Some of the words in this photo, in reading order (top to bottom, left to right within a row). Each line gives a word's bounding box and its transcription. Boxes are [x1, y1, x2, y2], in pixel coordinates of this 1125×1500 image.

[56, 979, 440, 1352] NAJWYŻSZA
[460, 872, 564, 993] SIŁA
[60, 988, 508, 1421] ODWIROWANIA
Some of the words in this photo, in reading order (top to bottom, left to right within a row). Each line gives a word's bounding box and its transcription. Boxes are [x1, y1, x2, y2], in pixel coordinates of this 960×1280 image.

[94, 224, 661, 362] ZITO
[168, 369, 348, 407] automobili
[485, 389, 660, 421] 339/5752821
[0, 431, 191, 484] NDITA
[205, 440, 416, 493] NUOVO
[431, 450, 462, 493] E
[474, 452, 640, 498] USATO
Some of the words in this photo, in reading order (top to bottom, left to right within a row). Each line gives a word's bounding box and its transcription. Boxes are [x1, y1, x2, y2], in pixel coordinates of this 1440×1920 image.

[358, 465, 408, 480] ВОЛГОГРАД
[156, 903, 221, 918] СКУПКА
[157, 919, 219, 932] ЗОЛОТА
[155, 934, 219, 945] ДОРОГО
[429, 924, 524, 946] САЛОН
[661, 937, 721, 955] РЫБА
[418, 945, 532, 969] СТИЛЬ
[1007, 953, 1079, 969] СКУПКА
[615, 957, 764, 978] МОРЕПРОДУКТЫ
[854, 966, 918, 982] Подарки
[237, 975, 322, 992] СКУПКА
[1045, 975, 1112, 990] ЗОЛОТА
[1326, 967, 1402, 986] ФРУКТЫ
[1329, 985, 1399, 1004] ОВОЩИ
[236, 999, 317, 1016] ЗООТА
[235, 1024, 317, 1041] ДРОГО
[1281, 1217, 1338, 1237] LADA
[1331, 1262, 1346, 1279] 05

_____

> **EXERCISE**: Starting with the first record, copy everything through the final one exactly.

> **SOLVED EXERCISE**:
Some of the words in this photo, in reading order (top to bottom, left to right within a row). Each line gives a word's bounding box and its transcription. Boxes are [x1, y1, x2, y2], in pixel coordinates of this 1125×1500 image.

[56, 979, 440, 1352] NAJWYŻSZA
[460, 872, 564, 993] SIŁA
[60, 988, 508, 1421] ODWIROWANIA
Some of the words in this photo, in reading order (top to bottom, left to right within a row). Each line gives a word's bounding box and its transcription. Boxes are [x1, y1, x2, y2], in pixel coordinates of this 960×1280 image.

[94, 224, 661, 362] ZITO
[168, 369, 348, 407] automobili
[485, 389, 660, 421] 339/5752821
[0, 431, 191, 484] NDITA
[205, 440, 416, 493] NUOVO
[431, 450, 462, 493] E
[474, 452, 640, 498] USATO
Some of the words in this photo, in reading order (top to bottom, left to right within a row). Each line gives a word's bounding box and its transcription. Boxes are [x1, y1, x2, y2], in pixel coordinates of this 1440×1920 image.

[358, 465, 408, 480] ВОЛГОГРАД
[156, 903, 221, 918] СКУПКА
[157, 919, 219, 932] ЗОЛОТА
[155, 934, 219, 945] ДОРОГО
[429, 924, 524, 946] САЛОН
[661, 937, 721, 955] РЫБА
[418, 945, 532, 969] СТИЛЬ
[1007, 953, 1079, 969] СКУПКА
[615, 957, 764, 978] МОРЕПРОДУКТЫ
[854, 966, 918, 982] Подарки
[237, 975, 322, 992] СКУПКА
[1045, 975, 1112, 990] ЗОЛОТА
[1326, 967, 1402, 986] ФРУКТЫ
[1329, 985, 1399, 1004] ОВОЩИ
[236, 999, 317, 1016] ЗООТА
[235, 1024, 317, 1041] ДРОГО
[1281, 1217, 1338, 1237] LADA
[1331, 1262, 1346, 1279] 05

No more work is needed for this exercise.